EXERCISE REQUIREMENTS: Transcribe the data verbatim and drop its images.

*** DATA TO EXAMINE Section Begins ***

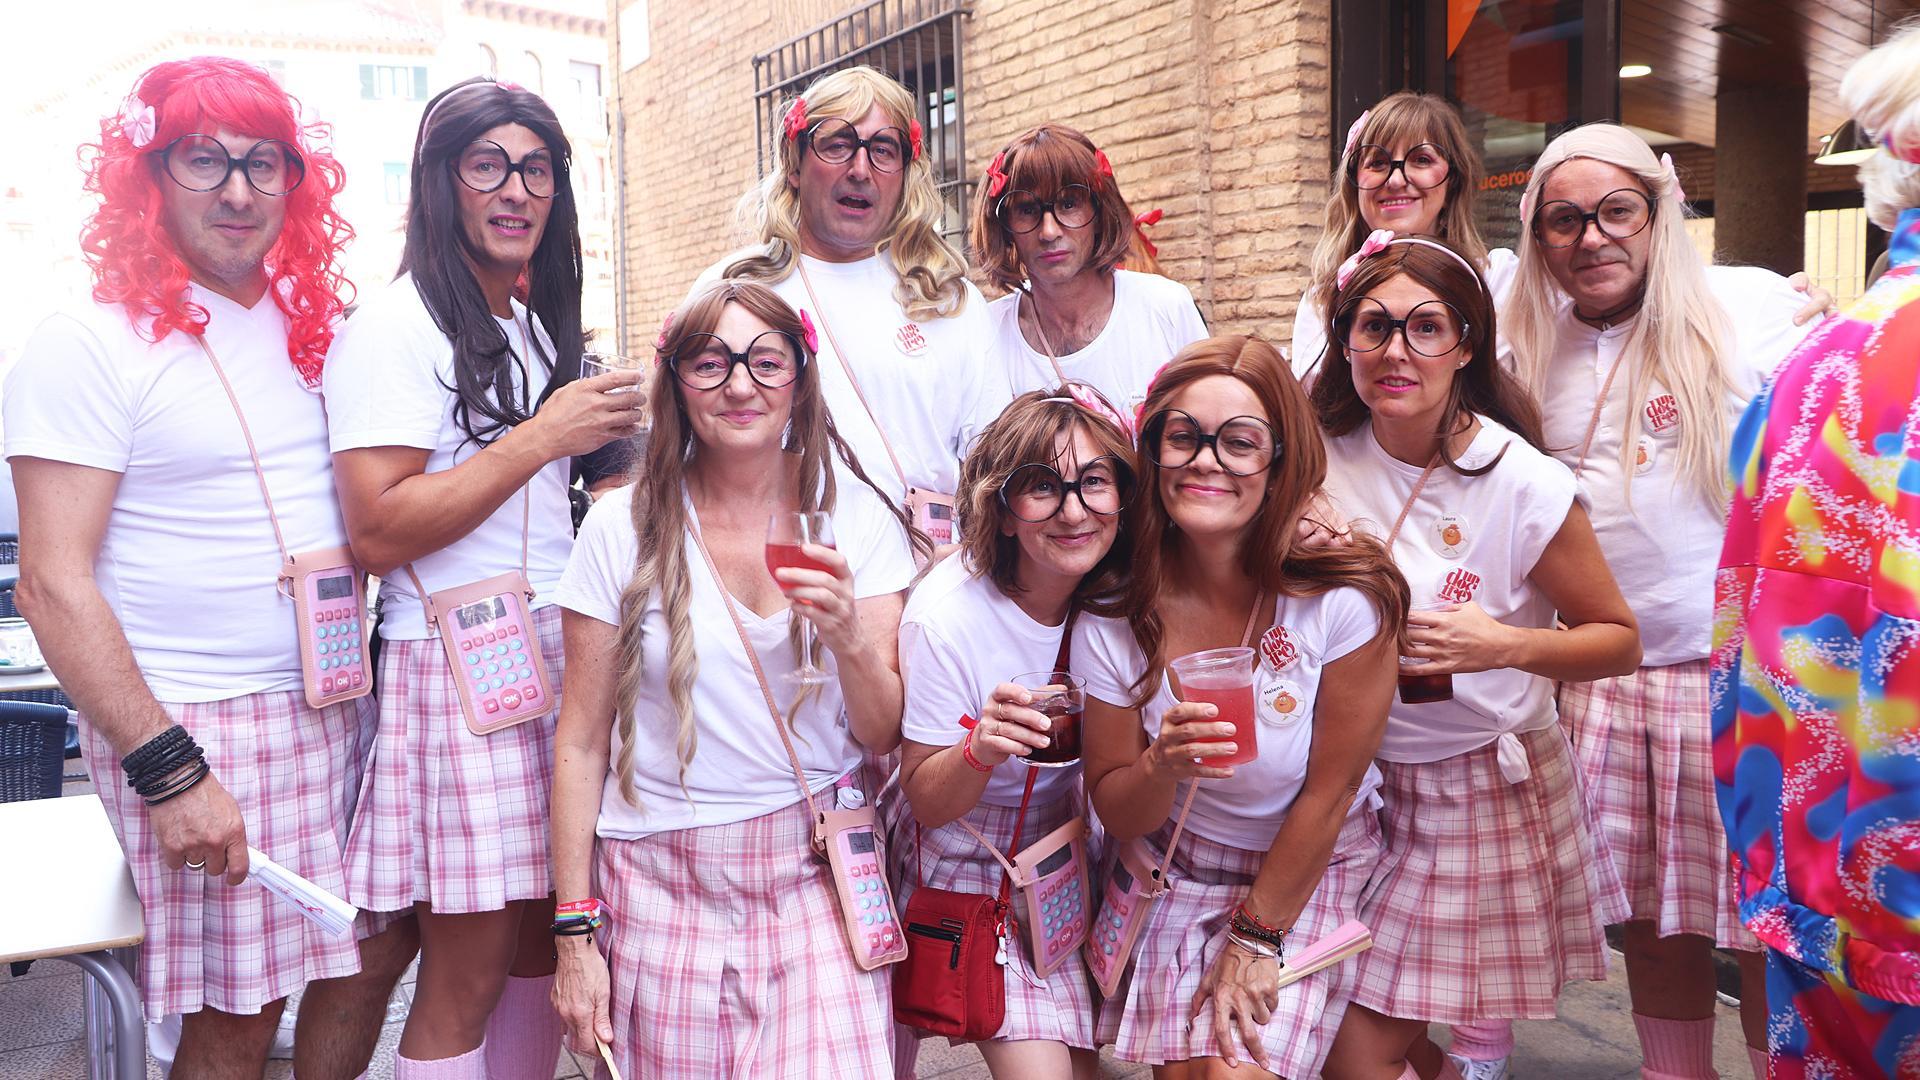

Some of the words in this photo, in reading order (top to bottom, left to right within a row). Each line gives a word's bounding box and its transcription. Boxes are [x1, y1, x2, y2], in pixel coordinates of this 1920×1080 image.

[336, 677, 349, 686] OK
[1263, 684, 1284, 695] Helena
[503, 693, 518, 704] OK
[884, 932, 894, 942] OK
[1061, 930, 1071, 942] OK

*** DATA TO EXAMINE Section Ends ***

EXERCISE ANSWER:
Some of the words in this photo, in reading order (top to bottom, left to right within a row). Each line gives a word's bounding box and its transcription. Boxes are [x1, y1, x2, y2], in pixel coordinates of this 1920×1080 image.

[336, 677, 349, 686] OK
[1263, 684, 1284, 695] Helena
[503, 693, 518, 704] OK
[884, 932, 894, 942] OK
[1061, 930, 1071, 942] OK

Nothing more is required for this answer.